For the past century, Ashurst Hall – inside the Old Main building – has been used for recitals, even though it lacks many aspects of a room designed for music performances, Sullivan said.
In contrast, the new space does not just account for sound, it fully integrates its movement and manipulation into the structure itself. The room is an assortment of various reflective and absorptive materials from wooden sawtooth panels to overhead “sound clouds” and curtains in order to improve the quality and experience of sound throughout the space.
“The configuration of the wood is designed to send the sound all around the room, creating a giant matrix of sound waves,” he said. “This hall will move sound in complex and rich ways.”
To maintain the experience even in the event an audience member must leave the hall, sets of double doors at the north and south entrances seal out external light and sound. Ceiling speakers occupy the restrooms as well as the atrium, where a monitor will also display video of the ongoing performance.
Sullivan said one remarkable component of the space was completely coincidental. From the audience’s perspective, the recital hall seating is tiered traditionally; however, when you flip the perspective and stand center stage, the depth disappears, creating an intimacy not experienced by performers in any of the university’s other venues. He noted that the view is almost like looking at a giant family portrait.
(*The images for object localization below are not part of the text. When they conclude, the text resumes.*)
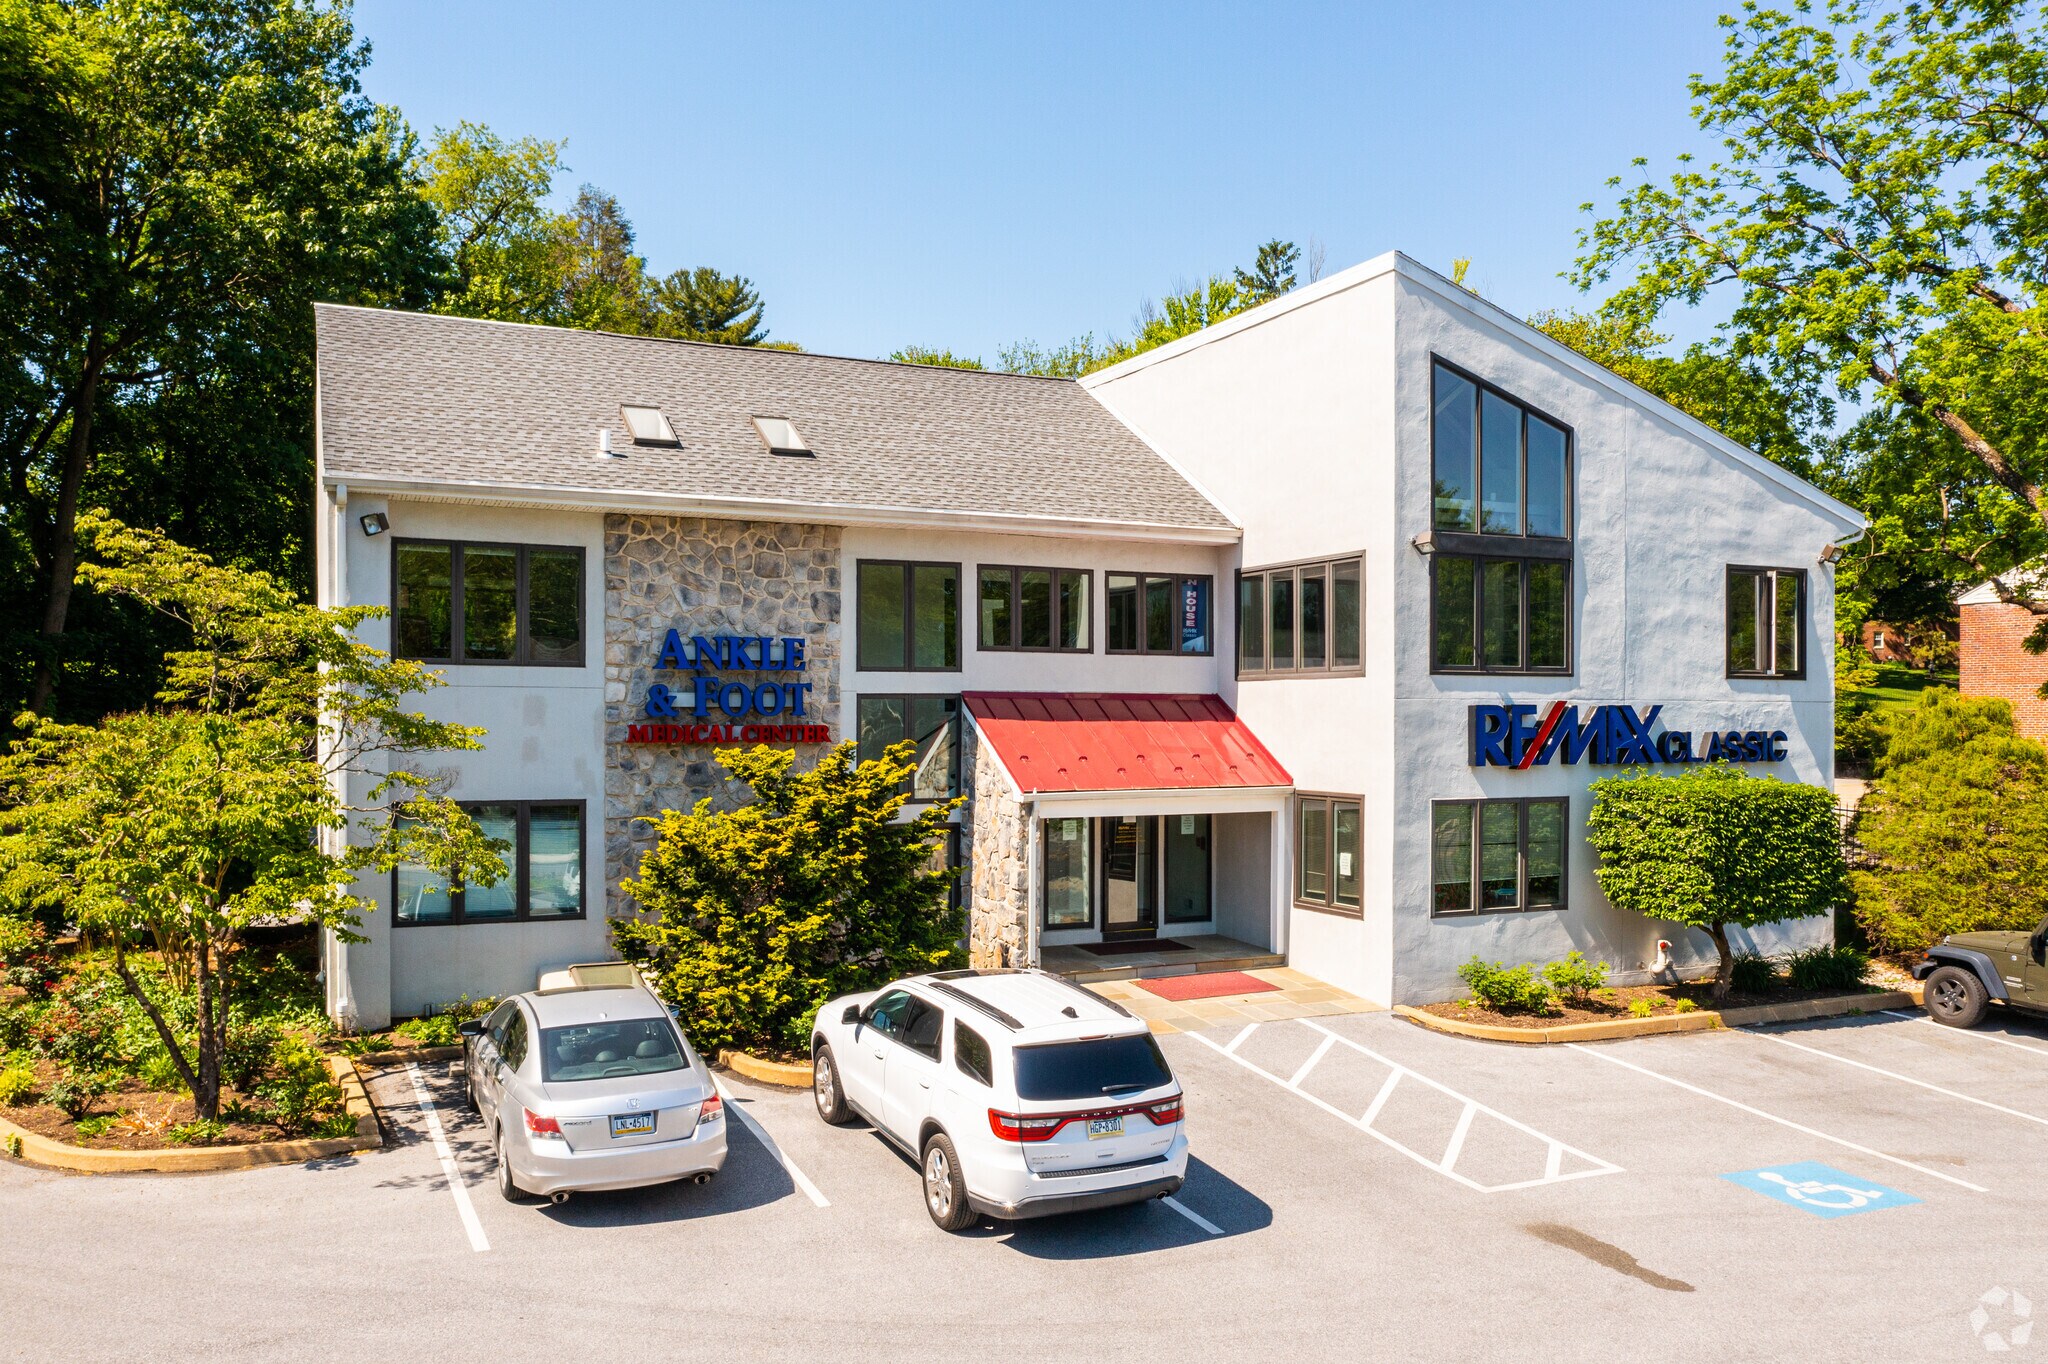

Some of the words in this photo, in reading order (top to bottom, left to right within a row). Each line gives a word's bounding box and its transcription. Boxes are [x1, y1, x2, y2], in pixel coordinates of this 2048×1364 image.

[1186, 590, 1197, 627] HOUSE
[652, 628, 806, 671] ANKLE
[645, 684, 679, 717] &
[691, 676, 812, 717] FOOT
[626, 724, 739, 743] MEDICAL
[741, 724, 832, 743] CENTER
[1470, 701, 1663, 769] RE/MAX
[1661, 730, 1788, 763] CLASSIC
“It is going to change the way our students go about their communication in music-making experience because they have to get their heads up, and they have to connect with an audience right in front of them. That alone, I think, we could put in the category of game changer,” he said.
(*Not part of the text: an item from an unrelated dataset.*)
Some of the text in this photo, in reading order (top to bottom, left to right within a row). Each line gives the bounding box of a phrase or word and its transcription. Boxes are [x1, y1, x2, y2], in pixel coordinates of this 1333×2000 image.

Overall, the project required a constant commitment to acoustics from every individual involved, including architects and construction team members.
David Heckard, assistant superintendent at Flagstaff’s CORE Construction, said every feature in the facility is unique and advanced. Though CORE has either created or renovated a majority of the buildings on campus, as an NAU alumnus, Heckard said he was excited to work on such a distinguished project.
“It’s definitely been an opportunity to learn a new style of construction [and] to implement more advanced systems in construction,” he said.
Rehearsal spaces, too, boast designs intended to manipulate the sound created in each room and keep it there through double insulated walls and shock absorbers surrounded by concrete in the floors. With rehearsal spaces adjacent to and even on top of each other, sound containment was essential. Additionally, all mechanical systems were placed outside and a silent airflow system was installed to remove unwanted sounds from entering the facility.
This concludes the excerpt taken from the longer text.